Right at the first I bought a HackRF. It sort of worked.

But I never succeeded in getting it to, usefully, do what I bought it for, 
transmitting test signals of my own design.

What I want to do is trivial: generate an array in memory using a 
straightforward C (hopefully NOT the cumbersome C++) program, then either 
repeatedly and seamlessly send it to the
HackRF. Seamlessly means that to runs over and over forever, the end connecting 
seamlessly
to the start of the file. I would like to get at least 8 MHz of unaliased 
spectrum, though 10 would be better.

I never got it to work seamlessly.

This would NOT use any oddball stuff like Python or Linux, just plain
ordinary C on a plain ordinary Windows 10 PC.  I tried on Linux with the sort 
of "system" that uses Python and its hoplelessly klunky. Especially since there 
is no documentation.
If I am forced to communicate with a "driver" I need good documentation, 
otherwise, its magic which I don't seem adept at.

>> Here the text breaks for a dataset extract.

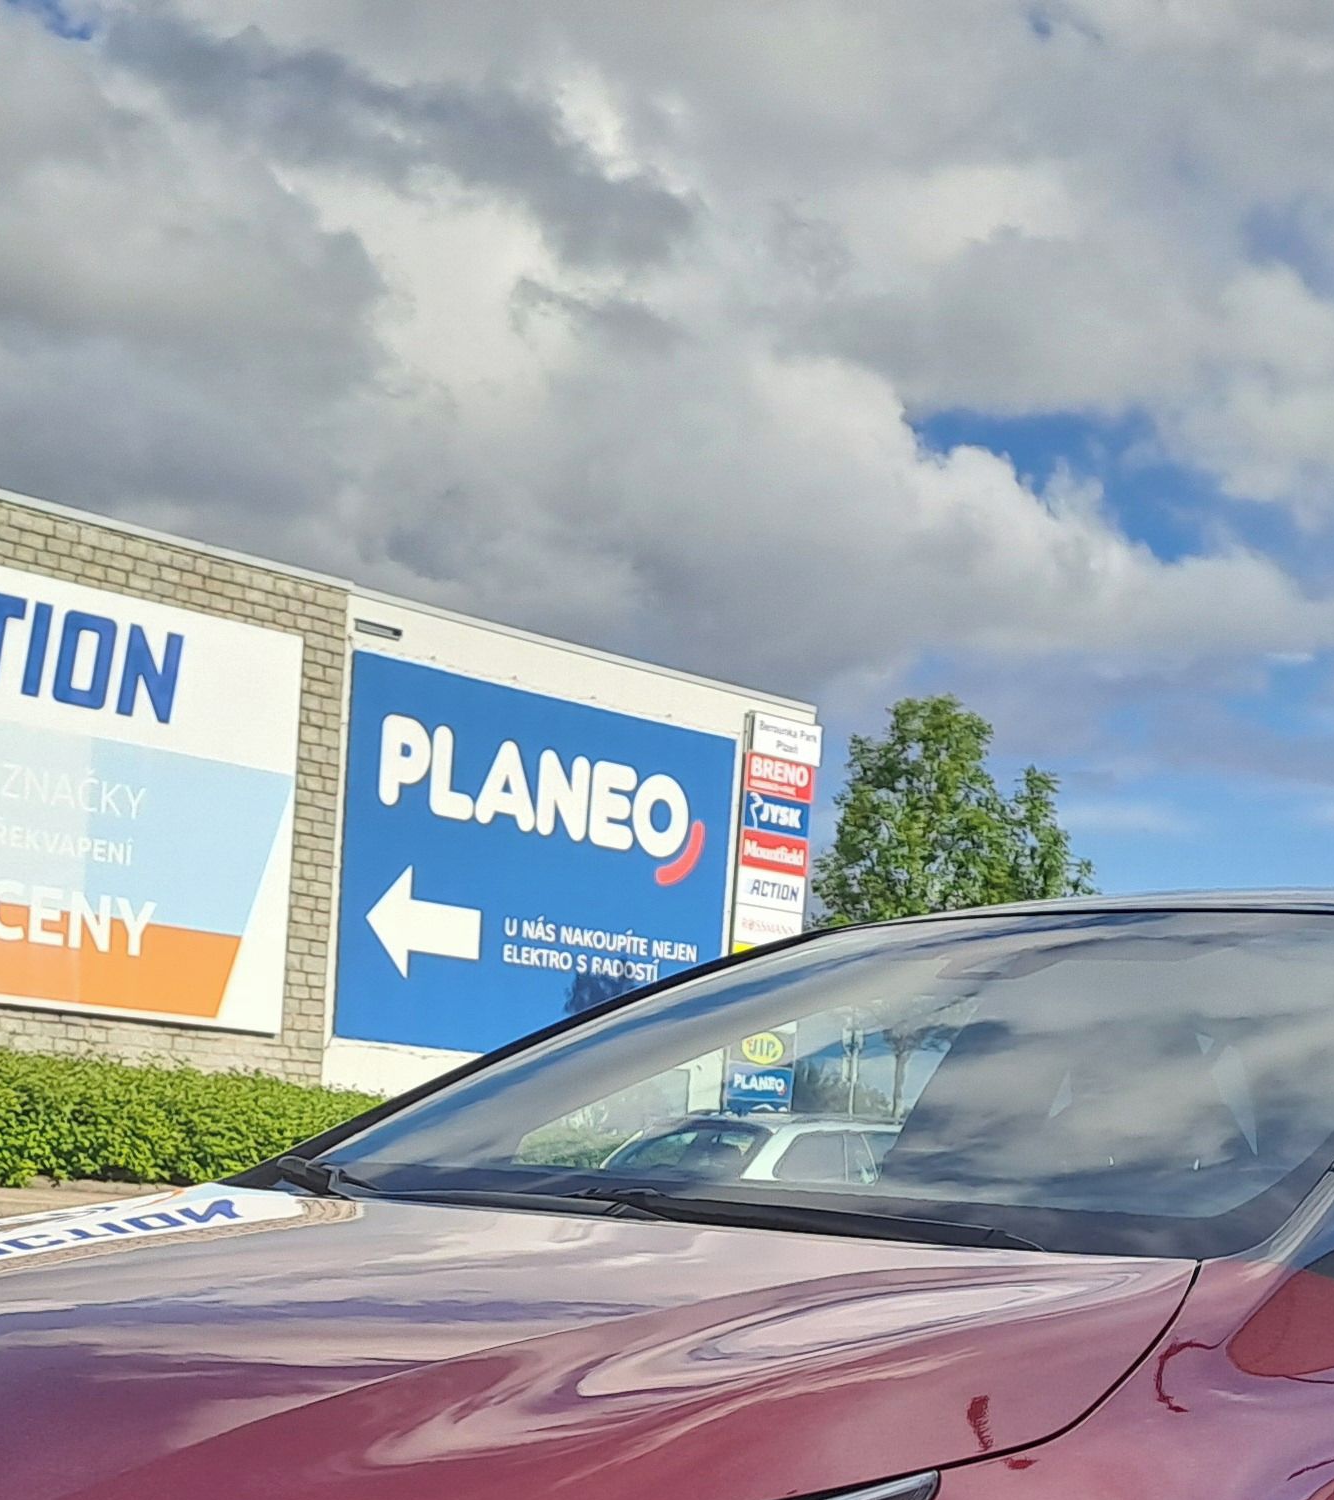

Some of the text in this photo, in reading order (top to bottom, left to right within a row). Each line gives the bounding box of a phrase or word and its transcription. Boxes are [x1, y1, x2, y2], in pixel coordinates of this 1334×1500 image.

It tried lots of things including a Windows device driver I found, but while it 
sort of worked,
for a while, it always started stuttering.  I can get receive to work in the 
same bandwidth
no problem. But I never expected the HackRF to work as a receiver with only
8 bits ... not enough dynamic range. 8 bits is of course perfectly fine for 
test signals.

Its been a while since I sent a message like this. Advice is needed in email, 
at least how to
contact this help group and its archives if there are answers already.